## PROBLEM REQUIREMENTS
Print every entry exactly as written and exclude all images.
[Opening RECORDS TO USE section]
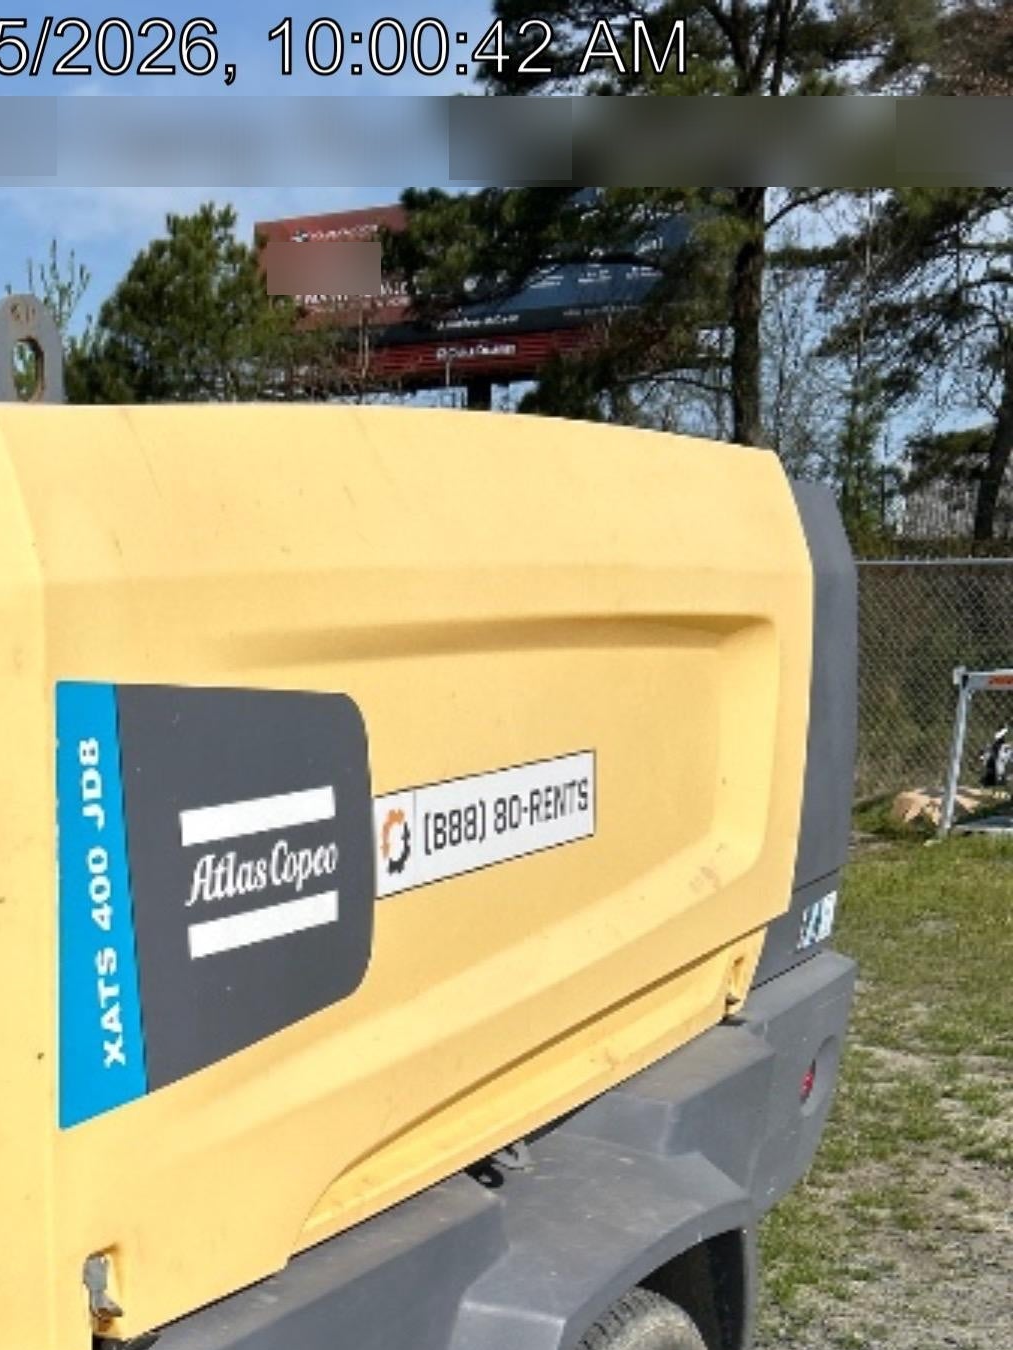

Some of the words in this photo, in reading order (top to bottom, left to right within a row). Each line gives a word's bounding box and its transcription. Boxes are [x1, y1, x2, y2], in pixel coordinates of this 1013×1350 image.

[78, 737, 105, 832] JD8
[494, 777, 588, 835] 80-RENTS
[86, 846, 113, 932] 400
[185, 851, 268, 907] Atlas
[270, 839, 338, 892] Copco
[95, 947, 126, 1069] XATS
[Closing RECORDS TO USE section]
## TASK RESULT
Some of the words in this photo, in reading order (top to bottom, left to right within a row). Each line gives a word's bounding box and its transcription. Boxes are [x1, y1, x2, y2], in pixel coordinates of this 1013×1350 image.

[78, 737, 105, 832] JD8
[494, 777, 588, 835] 80-RENTS
[86, 846, 113, 932] 400
[185, 851, 268, 907] Atlas
[270, 839, 338, 892] Copco
[95, 947, 126, 1069] XATS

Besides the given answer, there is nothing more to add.